Which leaves us with a very itchy question: Are we the Milky Way's only
children? This question underpins Ferris' second bestselling book, "The
Mind's Sky." Here he rambles (his word) through what is known about the
possibility of life on other worlds (billions of stars out there, probably
billions of planets, ergo lots of intelligent life) and what is known
about how the human mind thinks. Intelligence is a slippery concept, and, in us, it grew up in the specific evolutionary pressures of this little Earth,
which orbits a cookie-cutter star in a suburb of the Milky Way. So what we
know about our own selves says a lot about how we look at the cosmos -- and
look for other intelligent beings. But it says nothing about the nature of
other intelligences out there.

"The Whole Shebang" is a return to cosmology, but it's not a history. It's a landscape, and its subject, as the title says,
is everything -- everything physicists and cosmologists and astronomers
know and are trying to know about the universe, including whether this one is
the only one out there.

Right now, Ferris is working on a book called "Seeing in the Dark," which
promises to be, like "The Mind's Sky," a more philosophical journey through cognitive science and astronomy -- what happens as starlight comes into the human brain through the eye. Ferris recognizes these books as more interpretive and likes their sense of discovery and creativity. But he knows the power of
his reportorial work. "Coming of Age in the Milky Way" and "The Whole Shebang" are both on the New York Times' list of the best books of the 20th century.
This is pleasing to him in and of itself, but a wry smile comes over
Ferris' handsome cigar-smoking face when he points out that Thompson --
his old friend from Rolling Stone -- has only one book on the list.

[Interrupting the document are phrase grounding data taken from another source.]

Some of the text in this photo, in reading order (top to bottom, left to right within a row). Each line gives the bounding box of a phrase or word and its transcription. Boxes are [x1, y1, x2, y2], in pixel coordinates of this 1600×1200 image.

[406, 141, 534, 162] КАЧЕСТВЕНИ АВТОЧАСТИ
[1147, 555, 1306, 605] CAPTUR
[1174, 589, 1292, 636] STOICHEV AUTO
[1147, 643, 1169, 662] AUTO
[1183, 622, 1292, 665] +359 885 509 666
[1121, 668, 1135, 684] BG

In all deference to the fear and loathing master, it's not hard to see
why. Ferris is a polymath. His thinking is broad enough to strike us more than
once, and probably more than twice. He uses Reni Magritte's "Ceci n'est pas
une pipe" to explain a theory of human cognition put forward by physicist
John Archibald Wheeler. Gertrude Stein and William Blake are heroes and he
quotes them -- appropriately -- in his work. The music of Alban Berg
serves as his metaphor for the complex subtleties of scientific thought.
Perhaps his range of thinking explains why musicians, poets and even dance
troupes have been inspired to create projects in their own
genres based on "Coming of Age."

It's probably also why Ferris is so good at explaining science to the
nonscientist. His range doesn't represent cultural sophistication for its own sake, though if you've never heard of Berg, you might think it does. To Ferris, music, philosophy, art and science are simply facets of the one
human intelligence we all have (a physicist might call this intelligence
supersymmetric). Pencil metaphors and stories about dwarfs help, no doubt,
but it is more important that Ferris writes to the center of our brains
and disregards the firewalls of thought we falsely assume are there.

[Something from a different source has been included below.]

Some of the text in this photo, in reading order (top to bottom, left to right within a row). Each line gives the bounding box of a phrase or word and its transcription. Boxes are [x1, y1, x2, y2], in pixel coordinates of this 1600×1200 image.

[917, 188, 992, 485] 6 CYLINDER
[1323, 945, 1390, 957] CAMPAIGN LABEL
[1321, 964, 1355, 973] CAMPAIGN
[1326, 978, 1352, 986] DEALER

Of course, science is Ferris' first among equals. With its restless
skepticism and insistence on evidence, it is the fastest-moving mode of
human thought (at one light-year per second!), and Ferris considers it the
most interesting subject for books. He contends in "The Whole Shebang" that
being a cosmologist is a smart, stable career these days because our
knowledge of the universe is expanding so rapidly. The same should be
said, for the same reasons, about being a cosmology writer -- especially if
you're good.


By William Speed Weed

William Speed Weed is a freelance writer and radio producer living in San Francisco.